Walmer Castle’s historic ‘glen’ will be accessible for the first time in over 100 years from the end of April. English Heritage has also invited young refugees to special workshops, with a new learning centre the first major building at the castle in 145 years.
Part of Walmer Castle’s gardens, first laid out by William Pitt the Younger and enjoyed by Her Majesty Queen Elizabeth the Queen Mother, will soon reopen for the first time in over 100 years.
The former chalk quarry now known as the Glen – created by Pitt and his trailblazing niece Lady Hester Stanhope – could previously only be glimpsed through a dense and tangled tree canopy. Now, following a £2.3m investment including £1.35m from the National Lottery, which has also involved a new collaboration with Kent Refugee Action Network (KRAN) and includes new education and visitor facilities, people can explore every corner of the castle’s 11 acre historic grounds and discover its lost quarry garden for the first time.

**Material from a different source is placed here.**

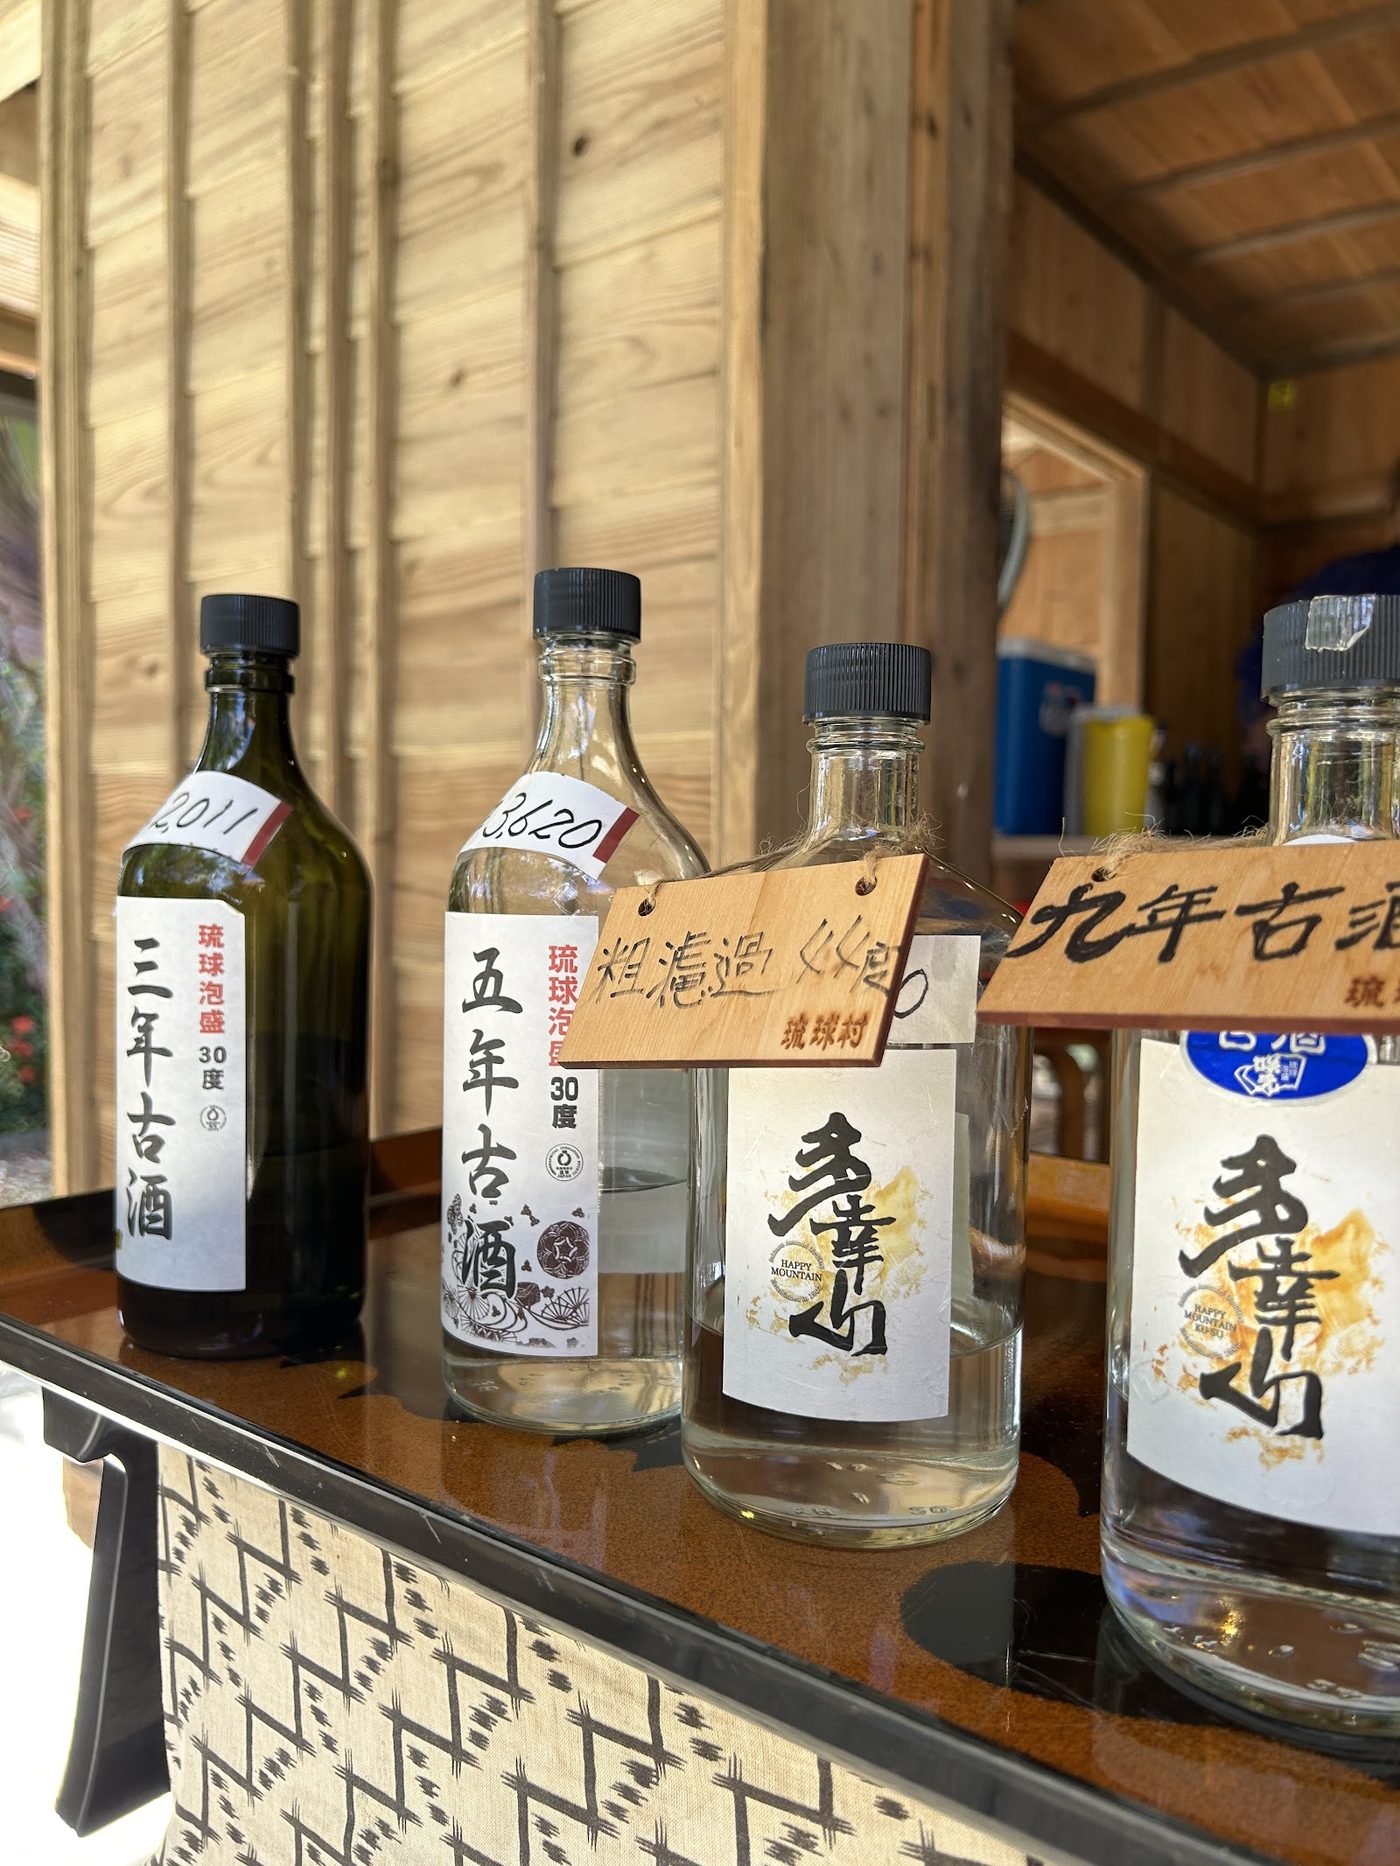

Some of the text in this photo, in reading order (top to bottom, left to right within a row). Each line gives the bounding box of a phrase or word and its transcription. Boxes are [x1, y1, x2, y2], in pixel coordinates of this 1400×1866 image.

Mark Brent, English Heritage Head Gardener at Walmer Castle, said: “Walmer Castle & Gardens is one of English Heritage’s hidden gems and this project has really allowed us to do justice to the pleasure grounds beyond the formal gardens. The Glen in particular was at risk of being permanently lost so we are delighted that we have been able to reclaim it for future generations to explore.”